Have house and rent prices increased?

The housing market stagnated during much of the pandemic, but a surge in demand and the stamp duty holiday boosted prices in the summer of 2020. Rent prices have continued to grow, almost unaffected. 

We’re using figures from the Land Registry and the ONS to track the evolving property market and how it is affected by the economic recovery strategy.


Is retail spending on track for recovery?

Lockdowns and mobility restrictions have directly led to a drop in retail sales, although the experience varies dependent on the type of store. Some, such as food stores and household goods stores, have generally fared better than pre-pandemic times as people spent more time indoors. On the other hand, the sale of clothes and fuel are yet to recover to meet 2019 levels.

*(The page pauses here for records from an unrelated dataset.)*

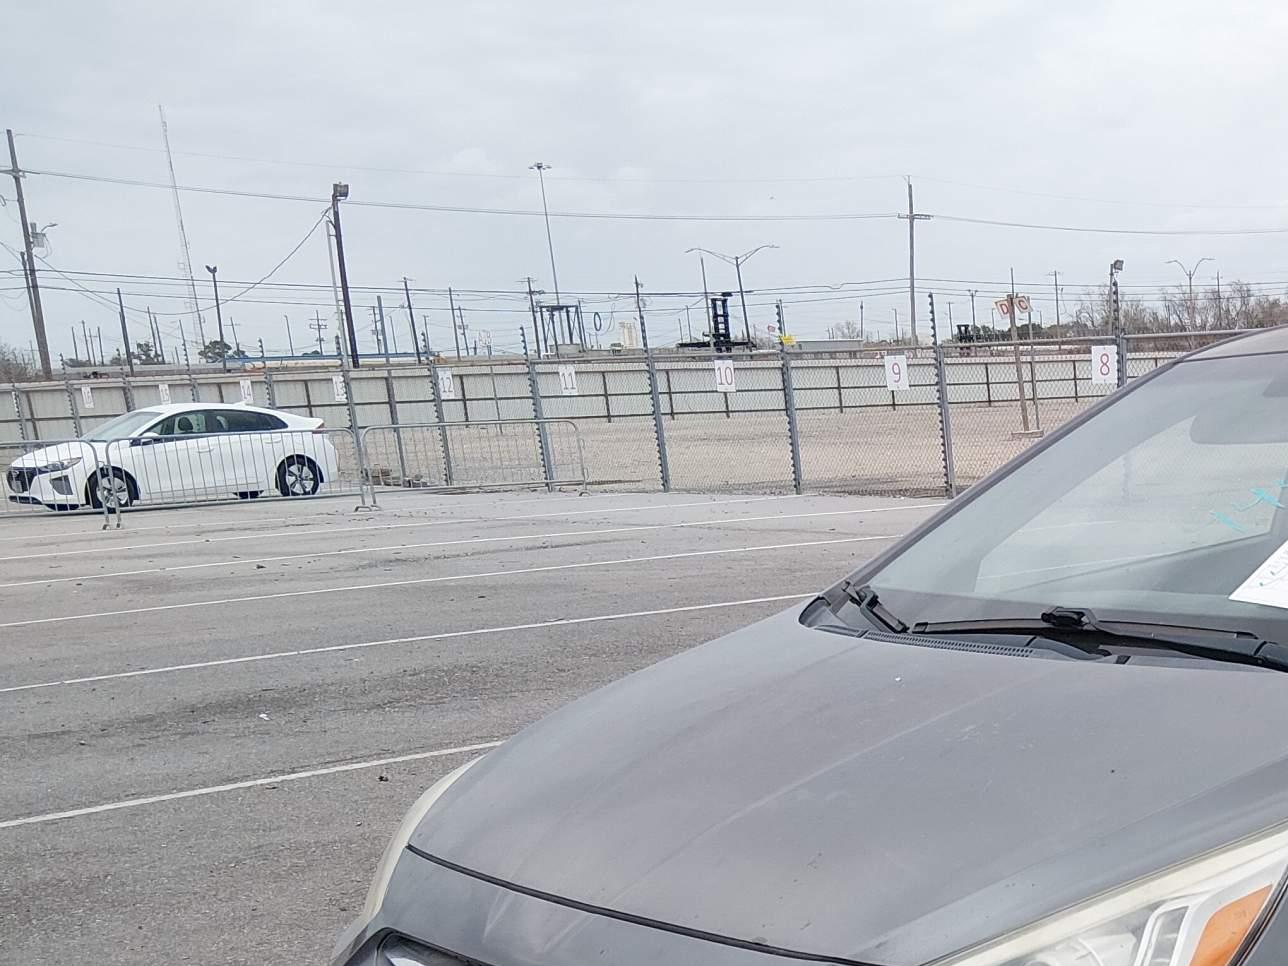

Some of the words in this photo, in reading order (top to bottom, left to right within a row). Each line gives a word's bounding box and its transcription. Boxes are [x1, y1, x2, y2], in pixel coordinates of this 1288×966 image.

[891, 362, 901, 383] 9
[1099, 352, 1110, 376] 8
[441, 372, 453, 393] 12
[562, 371, 576, 391] 11
[717, 366, 734, 385] 10
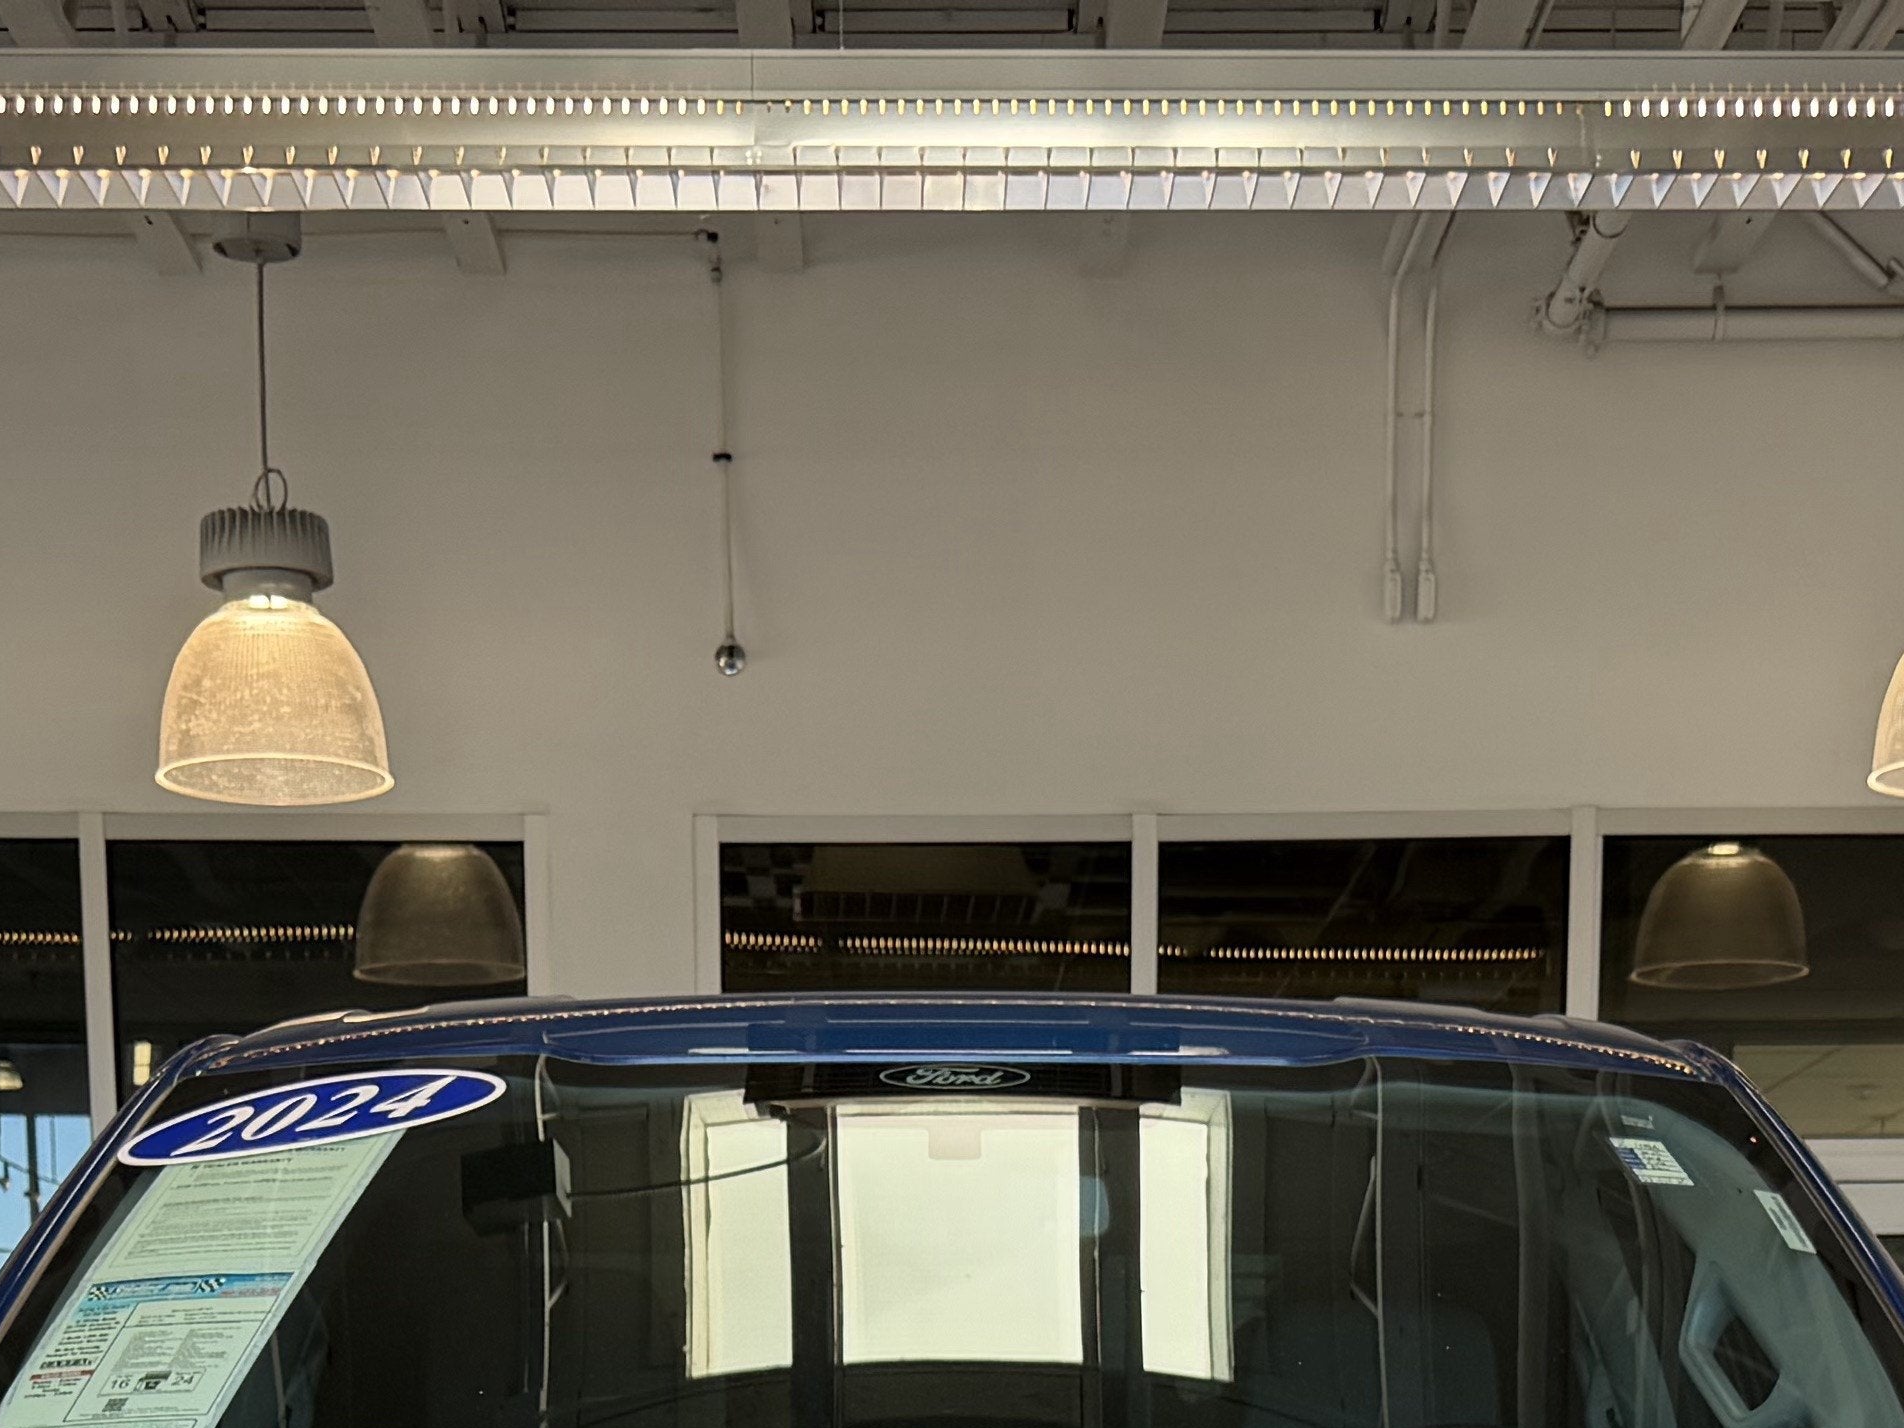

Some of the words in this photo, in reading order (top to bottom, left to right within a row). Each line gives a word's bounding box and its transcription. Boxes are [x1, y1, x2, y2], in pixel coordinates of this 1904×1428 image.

Rishi Sunak’s Budget this year promised to support the retail, hospitality and leisure sectors via grants as well as an extension of the business rates holiday. Our tracker looks at whether those decisions will manage to get people back into stores.


How is Brexit affecting trade?

Pandemic-related disruption has led to a drop in trade, with both EU and non-EU partners. Brexit has also greatly reduced trade with the EU, especially exports.

British and European firms will need time to adjust to the new reality of harsher border checks and higher duties and fees, after which we could see trade levels normalise. Small and medium-sized companies may be the slowest businesses to adapt. Our tracker will follow the changes in trade.


How are businesses dealing with Brexit and the pandemic?

IHS Markit creates the UK Regional PMI, an index of how optimistic businesses are based on a series of monthly surveys sent to respondents in the nine English regions, Scotland, Wales and Northern Ireland.

These indices, presented in the graphic below, vary from 0 to 100, where a reading of 50 shows an improvement over the previous month, with figures below 50 indicating the situation is worsening.

The Business Activity Index is the main PMI indicator, showing overall business health. Other indicators measure how businesses feel about various aspects of their activity.


We will continue to track the British economy every month and update the charts as new data comes in.